Periskop.id - Polsek Karawaci menangkap pelaku pelecehan seksual bermodus 'begal pantat' terhadap seorang perempuan yang videonya viral di media sosial. Pelaku berinisial BJ (20) diringkus di kediamannya di kawasan Karawaci Baru, Kota Tangerang, Kamis (30/7) pagi.
Kapolsek Karawaci Kompol Anggoro Winardi mengungkapkan, penangkapan berlangsung tanpa perlawanan dari pelaku. Ia menjelaskan, pengungkapan kasus ini berawal dari informasi masyarakat serta rekaman kamera pengawas yang viral di media sosial.
"Pelaku berinisial BJ (20) kami amankan di kediamannya di kawasan Karawaci Baru, Kota Tangerang, pada Kamis (30/7) pagi," ujar Anggoro dalam keterangannya, Jumat (31/7).

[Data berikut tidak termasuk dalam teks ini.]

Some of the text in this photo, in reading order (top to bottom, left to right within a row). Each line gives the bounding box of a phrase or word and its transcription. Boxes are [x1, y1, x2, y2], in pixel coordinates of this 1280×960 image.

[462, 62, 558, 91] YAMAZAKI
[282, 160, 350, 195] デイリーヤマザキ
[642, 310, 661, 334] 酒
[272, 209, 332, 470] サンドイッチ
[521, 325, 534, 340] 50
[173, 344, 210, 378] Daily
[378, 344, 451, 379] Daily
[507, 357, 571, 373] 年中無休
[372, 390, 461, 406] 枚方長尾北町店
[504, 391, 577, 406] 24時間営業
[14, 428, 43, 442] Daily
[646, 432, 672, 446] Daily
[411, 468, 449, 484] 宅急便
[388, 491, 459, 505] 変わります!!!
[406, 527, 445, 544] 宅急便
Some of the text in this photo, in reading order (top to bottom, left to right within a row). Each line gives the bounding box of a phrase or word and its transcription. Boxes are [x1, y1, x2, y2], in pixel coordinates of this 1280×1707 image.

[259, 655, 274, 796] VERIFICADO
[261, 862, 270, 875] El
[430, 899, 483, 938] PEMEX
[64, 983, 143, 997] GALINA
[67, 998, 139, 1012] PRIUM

Rekaman yang viral tersebut memperlihatkan korban tengah berjalan kaki seorang diri di Jalan Nila I, Kelurahan Karawaci Baru, Kecamatan Karawaci. Pelaku tiba-tiba mendekat dari belakang menggunakan sepeda motor lalu melecehkan korban dengan menyentuh bokong korban hingga membuatnya terkejut.
Kejadian itu berlangsung pada Sabtu (25/7) sekitar pukul 18.28 WIB, saat korban baru pulang membeli makanan menuju tempat kosnya. Kondisi jalan yang sepi membuat pelaku leluasa melancarkan aksinya.

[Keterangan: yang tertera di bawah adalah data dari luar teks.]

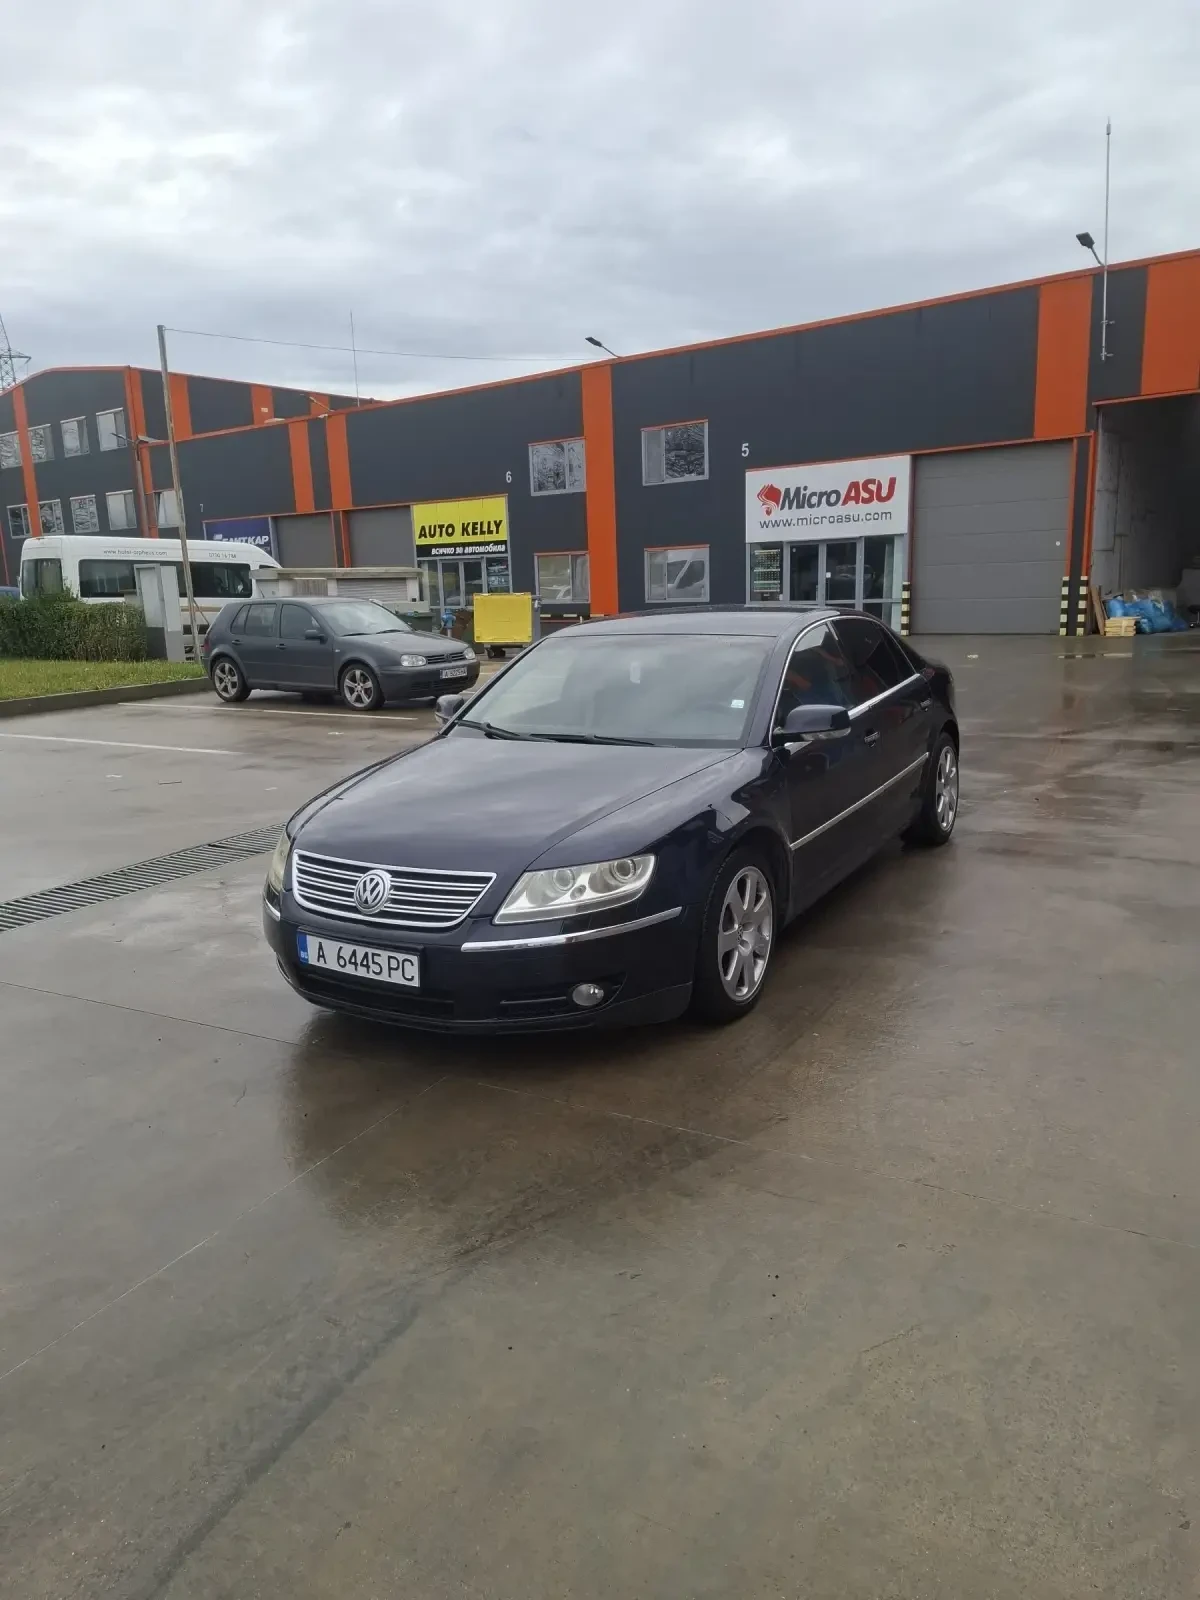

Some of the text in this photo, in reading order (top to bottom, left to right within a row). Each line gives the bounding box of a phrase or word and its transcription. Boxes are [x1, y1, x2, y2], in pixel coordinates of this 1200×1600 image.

Video yang beredar luas itu memicu Unit Reskrim Polsek Karawaci bergerak melakukan penyelidikan. Tim yang dipimpin Kanit Reskrim Polsek Karawaci AKP Riono turun langsung melakukan olah tempat kejadian perkara, memeriksa korban dan sejumlah saksi, serta menelusuri identitas pelaku dari petunjuk yang ditemukan.
Penelusuran tersebut akhirnya mengarah ke BJ. Polisi mendatangi kediamannya di Jalan Tongkol, Karawaci Baru, pada Kamis (30/7) sekitar pukul 07.30 WIB, dan pelaku diamankan tanpa perlawanan.

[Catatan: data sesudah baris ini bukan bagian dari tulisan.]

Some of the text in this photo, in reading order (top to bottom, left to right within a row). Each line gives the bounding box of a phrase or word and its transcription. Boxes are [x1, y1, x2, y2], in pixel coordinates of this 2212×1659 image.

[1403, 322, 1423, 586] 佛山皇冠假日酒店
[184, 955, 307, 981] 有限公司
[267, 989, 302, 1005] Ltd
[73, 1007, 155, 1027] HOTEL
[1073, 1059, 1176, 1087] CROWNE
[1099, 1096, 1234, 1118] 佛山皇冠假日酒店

Dalam pemeriksaan awal, BJ mengakui seluruh perbuatannya kepada penyidik. Ia mengaku nekat melakukan aksi tersebut lantaran terpengaruh tayangan video pornografi yang pernah ditontonnya.
Polisi turut menyita sejumlah barang bukti dari pelaku, di antaranya pakaian yang dikenakan saat kejadian dan satu unit sepeda motor yang digunakan untuk melancarkan aksinya.
Atas perbuatannya, BJ dipersangkakan melanggar Pasal 6 huruf a Undang-Undang Nomor 12 Tahun 2022 tentang Tindak Pidana Kekerasan Seksual (UU TPKS).